Pero nada había ocurrido como había planeado ni mucho menos como habría deseado. Y en su regreso encontró más desacuerdo entre lo que pensaba que llegaría a ser y lo que la realidad le decía que era. Día tras día el quehacer campesino lo llevó de la mano a través de las semanas y los meses, siguiendo la senda del trabajo de una tierra que había estado esperándole pacientemente como el cauce seco que sabe que antes o después volverá a fluir el agua por él. Por las tardes y cuando la labor lo permitía, mantenía charlas en lugares comunes con los desconocidos que fueron sus vecinos y amigos a golpe de chato, a sobra de silencios, o con las extrañas que dormían en el cuarto de al lado sobre temas de utilidad doméstica, o con la que era su madre quien se remitía a tal o cual detalle de aquella carta que se suponía llegó de tal o cual país, o con su padre sobre el tiempo que quedaba para preparar la tierra, sobre el tiempo que tendrían para plantar, sobre el tiempo que necesitarían las verduras para madurar, sobre el tiempo que llevaría la cosecha, sobre el tiempo que no deberían perder en volver a empezar de nuevo… ¿Eso era todo? Podría serlo. Podría ser aceptablemente feliz allí, con los que volverían a ser los suyos. Tal vez en unos meses más, un par de años como mucho, retomara algún antiguo amorío de entre las solteras de su edad que aún quedaban en el pueblo, o tal vez conociera a alguna chica en alguno de los alrededores durante las fiestas, o llegara al pueblo la mujer de su vida. Aunque tampoco sentía la necesidad de formar su propia familia, podría vivir con sus padres, cuidarlos en su vejez y disfrutar de los sobrinos que les dieran sus hermanas. Vivir tranquilo del campo, echar un ojo de vez en cuando a sus viejos libros, tal vez escribir alguno relacionado con sus sueños, sus viajes…

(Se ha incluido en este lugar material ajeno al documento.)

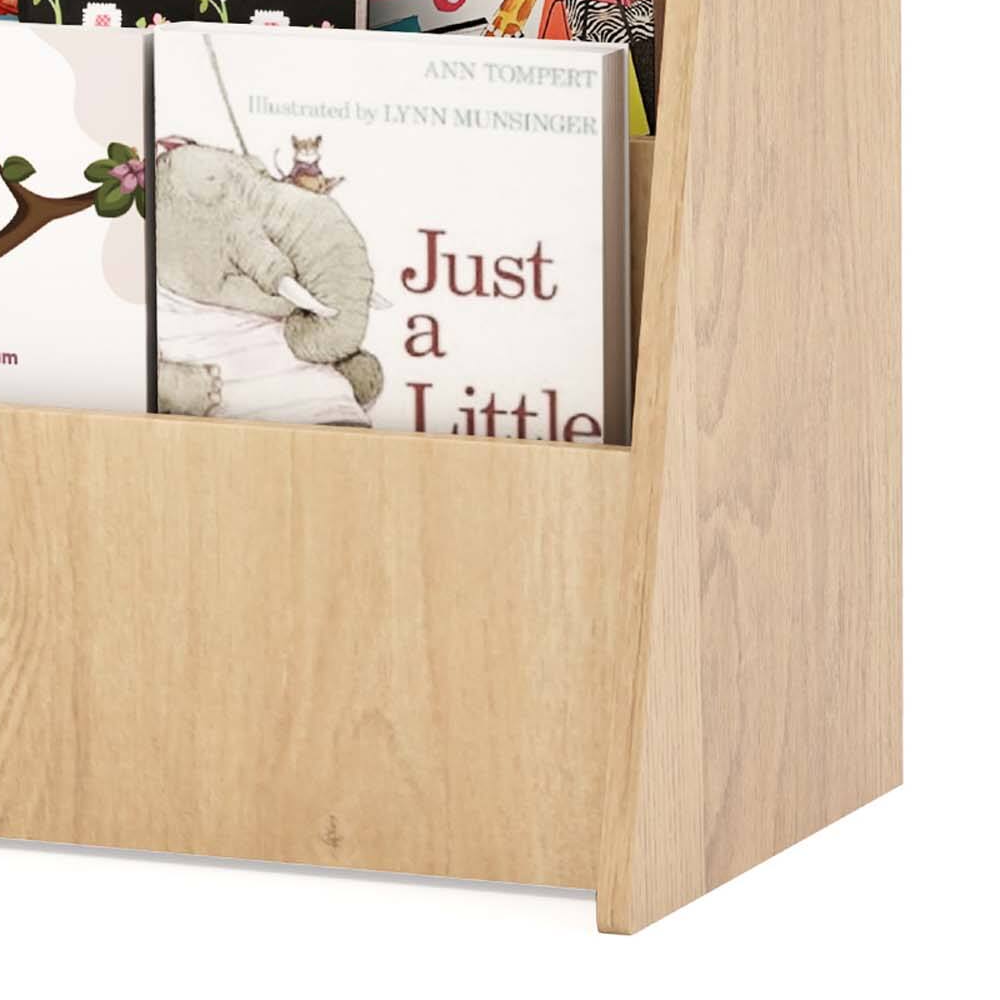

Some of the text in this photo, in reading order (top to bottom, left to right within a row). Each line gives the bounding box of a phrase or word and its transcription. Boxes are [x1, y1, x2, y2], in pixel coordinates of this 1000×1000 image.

[423, 60, 599, 89] ANN TOMPERT
[248, 94, 599, 136] Illustrated by LYNN MUNSINGER
[400, 227, 559, 302] Just
[404, 313, 447, 359] a
[406, 382, 602, 442] Little

Supo que nada de eso sucedería. Era su don. Nada que pudiera imaginar terminaba ocurriendo. Sólo tenía una alternativa: volver a marcharse. Esta vez no se lo pensó. Esta vez no hizo planes ni se permitió trazar ninguna ruta. Un día se despertó mientras la casa aún dormía e hizo una pequeña maleta. Durante el desayuno se despidió sin más. Sus hermanas se tomaron la noticia con adormilada indiferencia. Su madre le dio mil motivos para no volver a irse, para que olvidara de una vez todos los cuentos chinos que había alimentado en su cabeza desde niño y que no le habían llevado a ninguna parte; hasta azuzó a su padre para que le dijera algo que le hiciera quedarse. Éste se terminó con calma el café, se levantó, sacó una caja de zapatos de la alacena, la abrió sobre la mesa y le mostró el dinero que contenía antes de entregársela y decirle:

–Vete, pero esta vez te vas de verdad al oriente. No quiero que escribas cartas, que inventes historias o excusas. Quiero que vayas allí y luego vuelvas. Cuando te vea de nuevo sabré si has regresado por fin. Sólo entonces te dejaré entrar en mi casa.

Salieron juntos a la calle, pero mientras su padre enfiló para el campo él lo hizo hacia la parada del autobús. Esta vez sería la buena. Lo supo cuando el conductor le preguntó dónde iba y se dio cuenta de que no había pensado en ello.